I'm going to pass for now. It's been overwhelming with all the changes in such a short time. I'm still trying to set up my 401k properly. I haven't even looked at the HSA account yet. Trying to find providers that take my vision and dental insurance now. Fortunately, my doctor takes my new health insurance.
As for investments, since this is the first year I qualify for catch up contributions, I'm slowly upping my contributions monthly to max out again. I rather concentrate on that right now. The ESOP allows to invest up to 10% of your income after tax, and that would take a big chunk out for me. I could contribute 2%, but it's such a small amount that I'll leave it for now.

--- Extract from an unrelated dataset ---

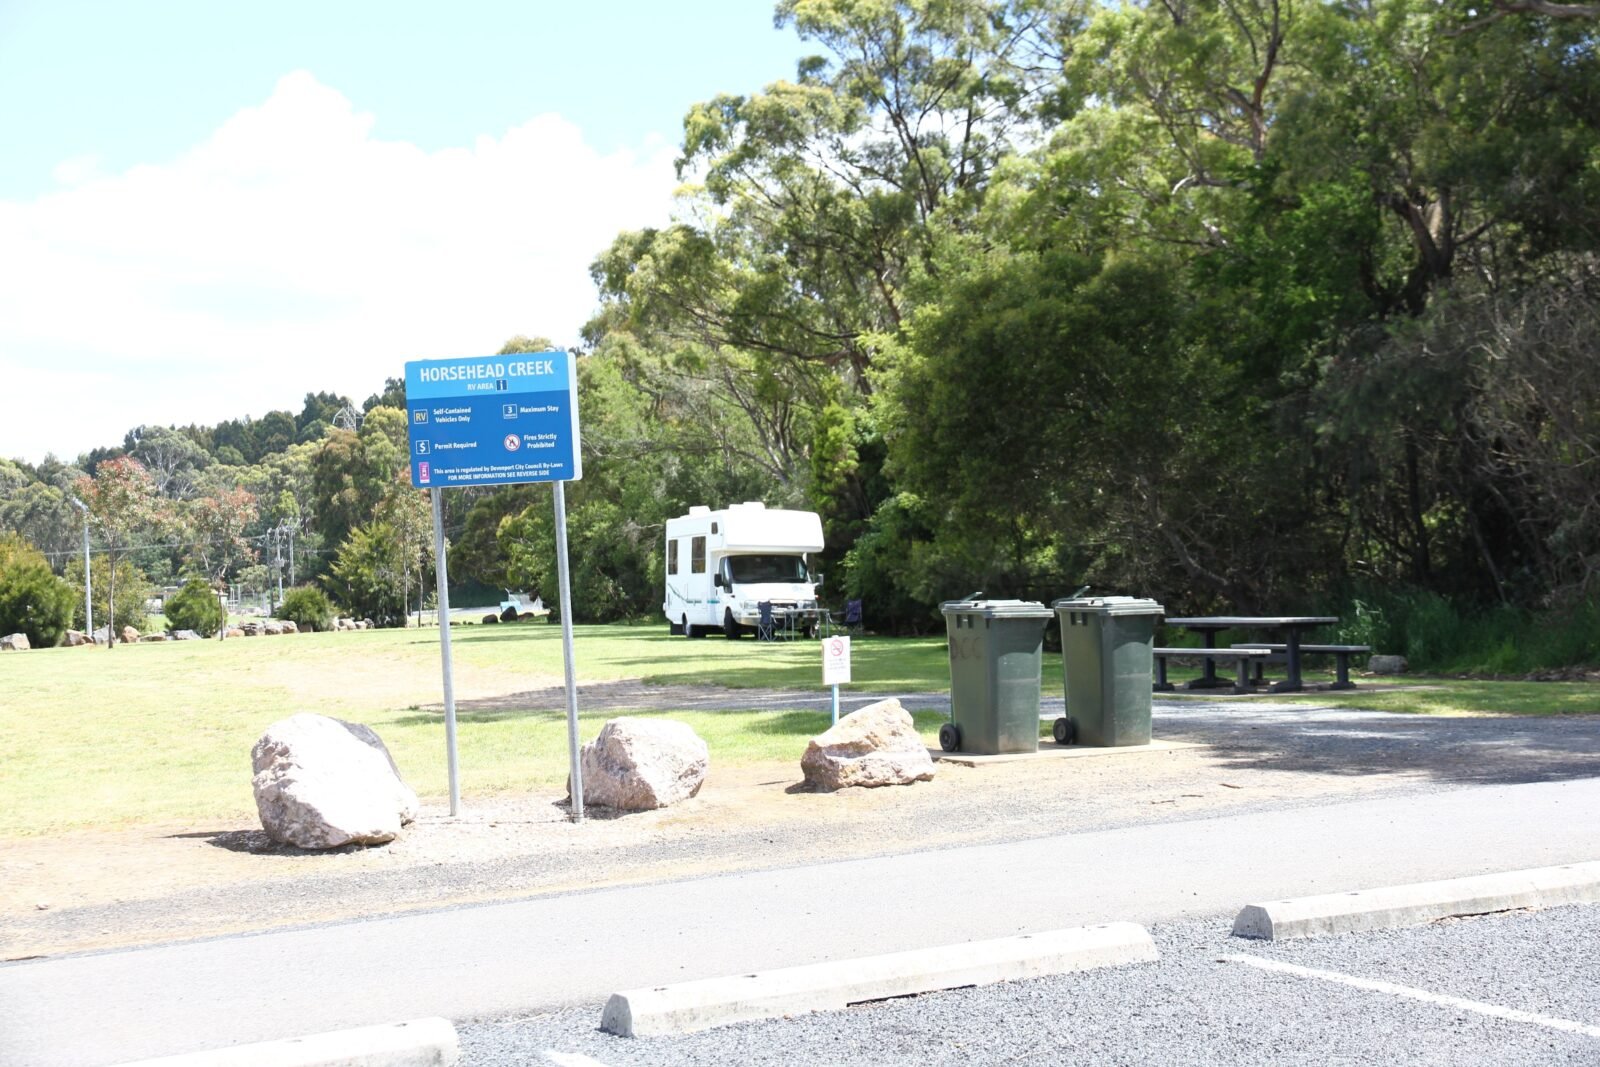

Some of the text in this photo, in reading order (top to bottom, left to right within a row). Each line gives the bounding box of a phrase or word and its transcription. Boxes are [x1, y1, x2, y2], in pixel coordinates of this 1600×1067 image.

[420, 360, 554, 382] HORSEHEAD CREEK
[416, 413, 426, 421] RV
[420, 442, 426, 453] $
[453, 441, 477, 450] Required

Anyway, I can enroll every six months, so it's not like I'm missing a huge opportunity, considering how little I can invest and that I'll be opting out for just a six months period. In six months, I can decide again if I want to enroll. I want to do it, just feel I need a little more time to process everything.
|
|
alabamagal
Junior Associate
Joined: Dec 23, 2010 11:30:29 GMT -5
Posts: 8,118
|
Post by alabamagal on Jul 5, 2022 5:18:13 GMT -5
Hi Ava, I think it is fine to pass up this opportunity. A 10% discount on stock purchase is not a huge benefit, and just has to be weighed against potential losses due to stock price going down. Seems like most people who make out well are with small startup companies who are growing. You have to have a company doing well to get big benefits.

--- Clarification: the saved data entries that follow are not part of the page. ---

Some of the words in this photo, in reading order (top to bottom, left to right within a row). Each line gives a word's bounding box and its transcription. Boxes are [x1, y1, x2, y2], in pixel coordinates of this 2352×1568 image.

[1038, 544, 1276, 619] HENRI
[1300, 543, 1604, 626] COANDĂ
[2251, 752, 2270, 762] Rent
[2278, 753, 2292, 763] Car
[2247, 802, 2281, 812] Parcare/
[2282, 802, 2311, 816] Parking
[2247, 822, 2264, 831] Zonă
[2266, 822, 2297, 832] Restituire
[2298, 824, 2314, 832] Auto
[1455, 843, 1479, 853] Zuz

I have been “burned” with lost opportunity due to stock prices going down, both with large multinational companies. Most recent case was ESOP with a 50% discount (up to $1500 per year). I participated for 3 years, then when I was laid off, stock price and exchange rate were both low, and I had to sell within 3 months, I got out about the same amount I put in, si basically no benefit. Prior to that I worked for a big pharma company and we used to get stock options as bonuses, and stock prices were going up. Then stock crashed (in 2000) and a few years later I was laid off. With stock at its highest, I had over $100k of potential gains, when stock went down I had $0, and options were lost when I was laid off. Stock price was so bad that stock is only now reaching 2000 year high, so if I had stayed there the options would have been worthless anyway. In both examples, I didn’t really lose my investment, but examples of how stock prices have risk to your investment.
|
|
Ava
Senior Member
Joined: Jan 30, 2011 12:23:55 GMT -5
Posts: 4,176
|
ESOP
Jul 6, 2022 16:17:14 GMT -5
Post by Ava on Jul 6, 2022 16:17:14 GMT -5
alabamagalI was going to pass for now on the ESOP purchase, and start on it next year. But now I'm wondering if it's worth it. For me, 10% of my after-tax paycheck is huge, plus I'm maxing out retirement. I've always been very careful with money, and I continue to prioritize retirement saving & investment. But at this point in life, I want to enjoy part of my money now, instead of having another bucket to fill besides 401k and IRA. It's hard enough as it is. This is a huge, well established company, not a start up. Your comment is making me rethink the idea of participating in the ESOP next year.